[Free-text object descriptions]
╭──
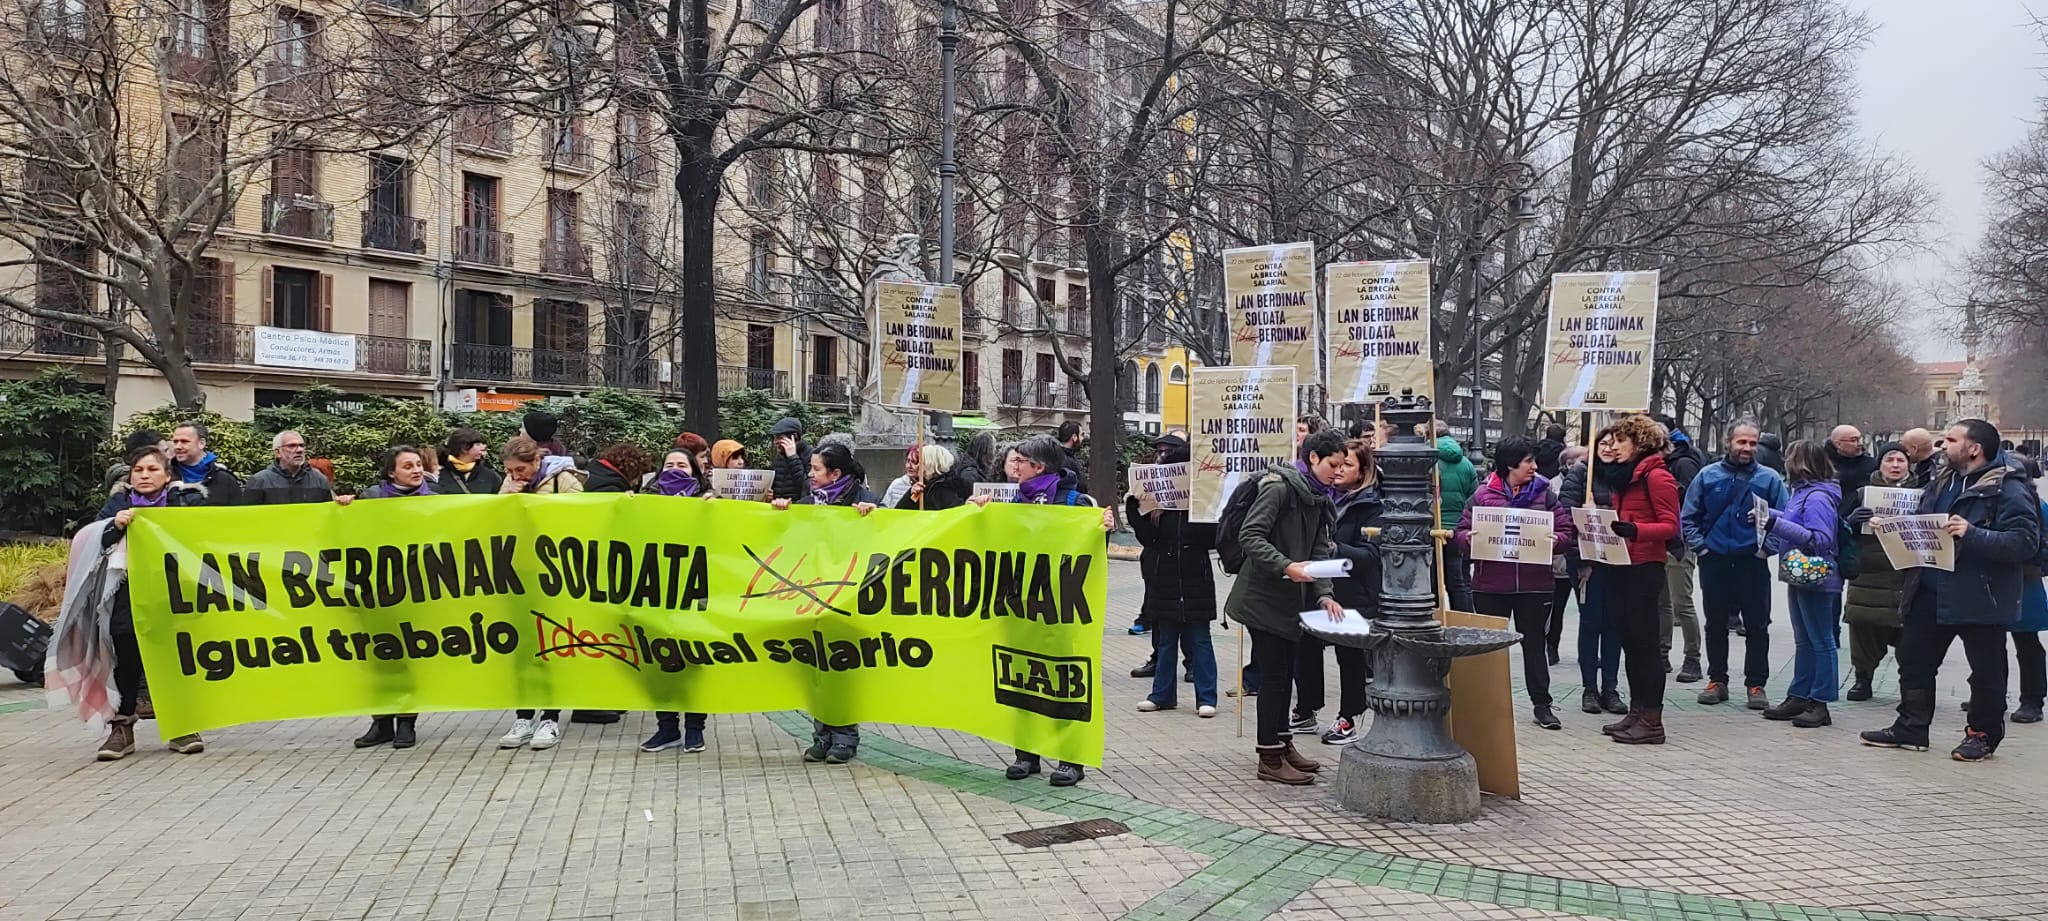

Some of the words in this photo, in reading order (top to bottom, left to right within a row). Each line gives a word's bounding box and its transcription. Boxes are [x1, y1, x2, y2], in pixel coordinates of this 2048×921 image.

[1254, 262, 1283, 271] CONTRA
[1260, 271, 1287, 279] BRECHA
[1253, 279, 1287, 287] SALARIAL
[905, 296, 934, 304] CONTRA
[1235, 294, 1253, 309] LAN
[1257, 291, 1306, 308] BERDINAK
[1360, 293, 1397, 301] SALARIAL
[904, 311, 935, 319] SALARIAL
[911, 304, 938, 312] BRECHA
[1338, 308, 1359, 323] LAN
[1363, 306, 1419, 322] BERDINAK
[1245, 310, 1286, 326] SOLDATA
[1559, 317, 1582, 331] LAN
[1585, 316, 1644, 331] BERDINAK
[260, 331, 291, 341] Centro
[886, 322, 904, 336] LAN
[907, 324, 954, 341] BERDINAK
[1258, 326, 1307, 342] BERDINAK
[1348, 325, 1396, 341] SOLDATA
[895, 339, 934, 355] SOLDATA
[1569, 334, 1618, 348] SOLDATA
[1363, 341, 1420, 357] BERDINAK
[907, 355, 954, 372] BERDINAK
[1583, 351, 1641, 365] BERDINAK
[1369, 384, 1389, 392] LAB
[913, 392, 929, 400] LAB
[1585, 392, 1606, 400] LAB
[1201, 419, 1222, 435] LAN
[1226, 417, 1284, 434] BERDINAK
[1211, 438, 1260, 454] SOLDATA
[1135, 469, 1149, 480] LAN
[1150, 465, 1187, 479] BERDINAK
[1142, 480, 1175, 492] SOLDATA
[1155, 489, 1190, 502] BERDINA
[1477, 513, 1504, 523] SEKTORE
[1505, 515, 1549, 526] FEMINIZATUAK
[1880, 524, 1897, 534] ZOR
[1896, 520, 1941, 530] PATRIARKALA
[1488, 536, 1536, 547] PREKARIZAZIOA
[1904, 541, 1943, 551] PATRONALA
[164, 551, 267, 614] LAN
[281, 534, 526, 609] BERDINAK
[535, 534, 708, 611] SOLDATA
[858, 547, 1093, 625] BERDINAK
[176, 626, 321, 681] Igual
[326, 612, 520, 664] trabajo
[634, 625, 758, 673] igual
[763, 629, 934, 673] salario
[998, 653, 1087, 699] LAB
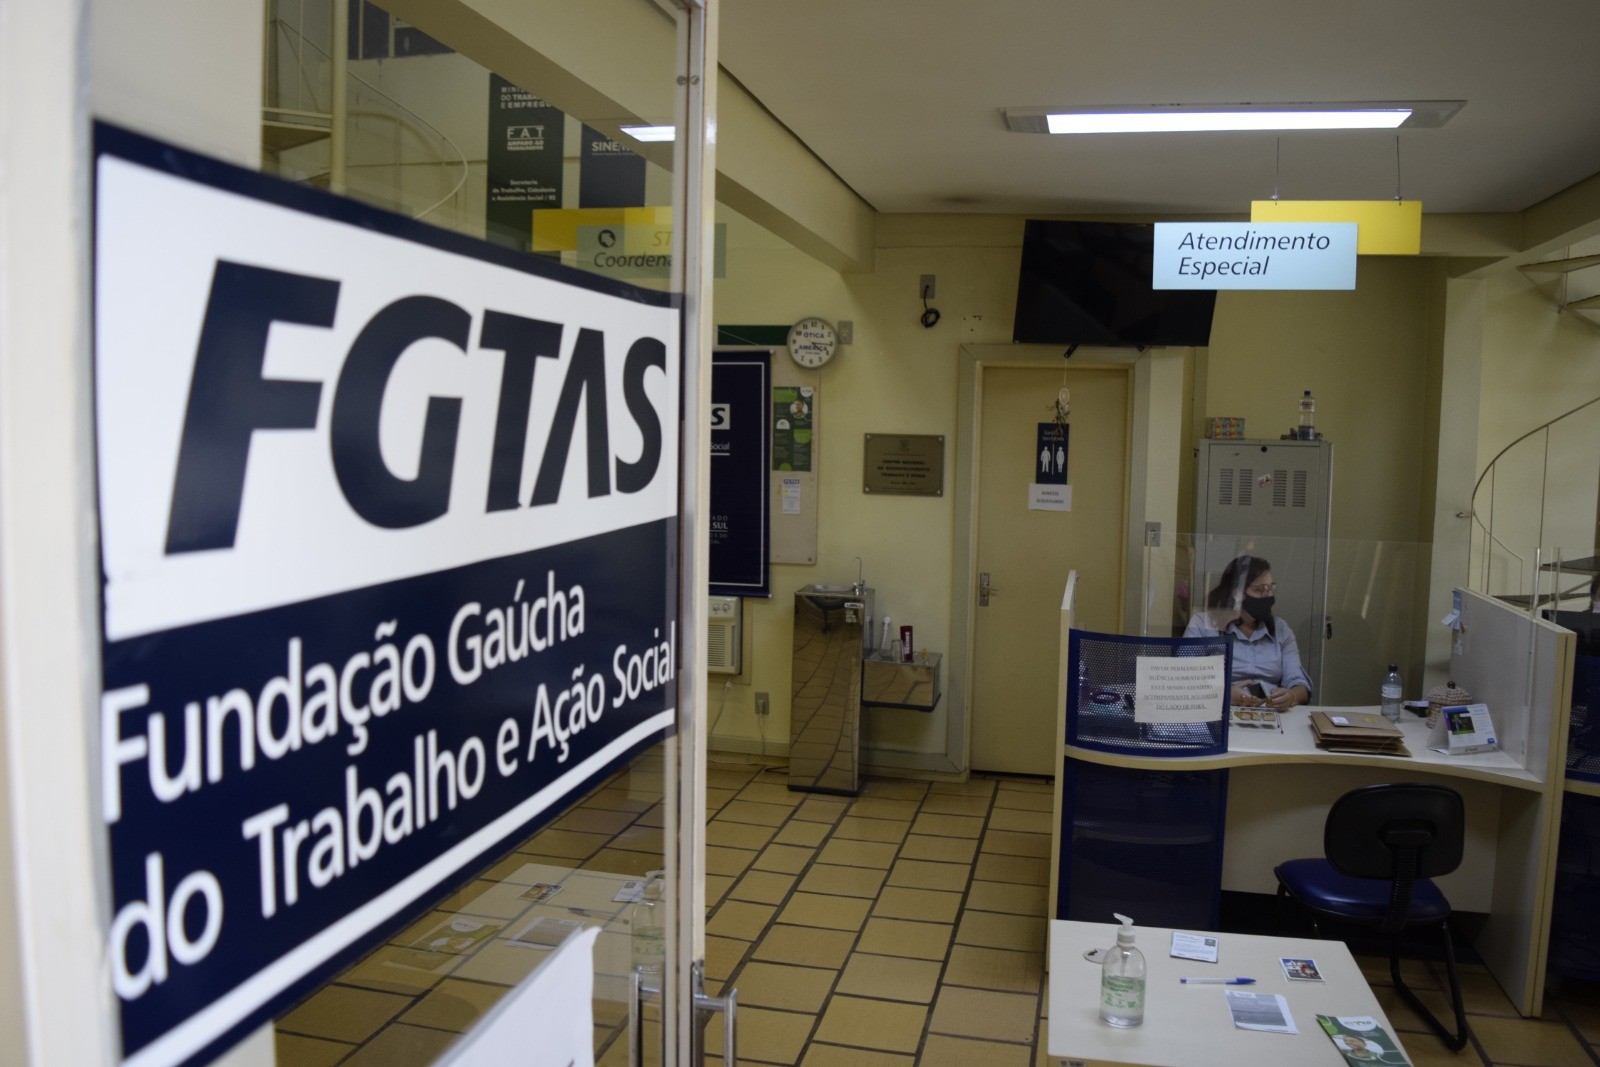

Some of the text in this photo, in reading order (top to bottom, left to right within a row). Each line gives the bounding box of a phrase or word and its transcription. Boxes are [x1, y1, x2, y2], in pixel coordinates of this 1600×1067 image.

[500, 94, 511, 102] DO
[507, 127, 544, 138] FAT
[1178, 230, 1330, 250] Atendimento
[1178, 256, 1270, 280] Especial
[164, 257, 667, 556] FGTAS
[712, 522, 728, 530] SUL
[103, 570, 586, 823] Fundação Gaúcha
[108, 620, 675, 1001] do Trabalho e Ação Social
╰──
Retype the lines above exactly, no pictures.

> Exercise solution
Some of the words in this photo, in reading order (top to bottom, left to right within a row). Each line gives a word's bounding box and its transcription. Boxes are [x1, y1, x2, y2], in pixel coordinates of this 2048×921 image.

[1254, 262, 1283, 271] CONTRA
[1260, 271, 1287, 279] BRECHA
[1253, 279, 1287, 287] SALARIAL
[905, 296, 934, 304] CONTRA
[1235, 294, 1253, 309] LAN
[1257, 291, 1306, 308] BERDINAK
[1360, 293, 1397, 301] SALARIAL
[904, 311, 935, 319] SALARIAL
[911, 304, 938, 312] BRECHA
[1338, 308, 1359, 323] LAN
[1363, 306, 1419, 322] BERDINAK
[1245, 310, 1286, 326] SOLDATA
[1559, 317, 1582, 331] LAN
[1585, 316, 1644, 331] BERDINAK
[260, 331, 291, 341] Centro
[886, 322, 904, 336] LAN
[907, 324, 954, 341] BERDINAK
[1258, 326, 1307, 342] BERDINAK
[1348, 325, 1396, 341] SOLDATA
[895, 339, 934, 355] SOLDATA
[1569, 334, 1618, 348] SOLDATA
[1363, 341, 1420, 357] BERDINAK
[907, 355, 954, 372] BERDINAK
[1583, 351, 1641, 365] BERDINAK
[1369, 384, 1389, 392] LAB
[913, 392, 929, 400] LAB
[1585, 392, 1606, 400] LAB
[1201, 419, 1222, 435] LAN
[1226, 417, 1284, 434] BERDINAK
[1211, 438, 1260, 454] SOLDATA
[1135, 469, 1149, 480] LAN
[1150, 465, 1187, 479] BERDINAK
[1142, 480, 1175, 492] SOLDATA
[1155, 489, 1190, 502] BERDINA
[1477, 513, 1504, 523] SEKTORE
[1505, 515, 1549, 526] FEMINIZATUAK
[1880, 524, 1897, 534] ZOR
[1896, 520, 1941, 530] PATRIARKALA
[1488, 536, 1536, 547] PREKARIZAZIOA
[1904, 541, 1943, 551] PATRONALA
[164, 551, 267, 614] LAN
[281, 534, 526, 609] BERDINAK
[535, 534, 708, 611] SOLDATA
[858, 547, 1093, 625] BERDINAK
[176, 626, 321, 681] Igual
[326, 612, 520, 664] trabajo
[634, 625, 758, 673] igual
[763, 629, 934, 673] salario
[998, 653, 1087, 699] LAB

Some of the text in this photo, in reading order (top to bottom, left to right within a row). Each line gives the bounding box of a phrase or word and its transcription. Boxes are [x1, y1, x2, y2], in pixel coordinates of this 1600×1067 image.

[500, 94, 511, 102] DO
[507, 127, 544, 138] FAT
[1178, 230, 1330, 250] Atendimento
[1178, 256, 1270, 280] Especial
[164, 257, 667, 556] FGTAS
[712, 522, 728, 530] SUL
[103, 570, 586, 823] Fundação Gaúcha
[108, 620, 675, 1001] do Trabalho e Ação Social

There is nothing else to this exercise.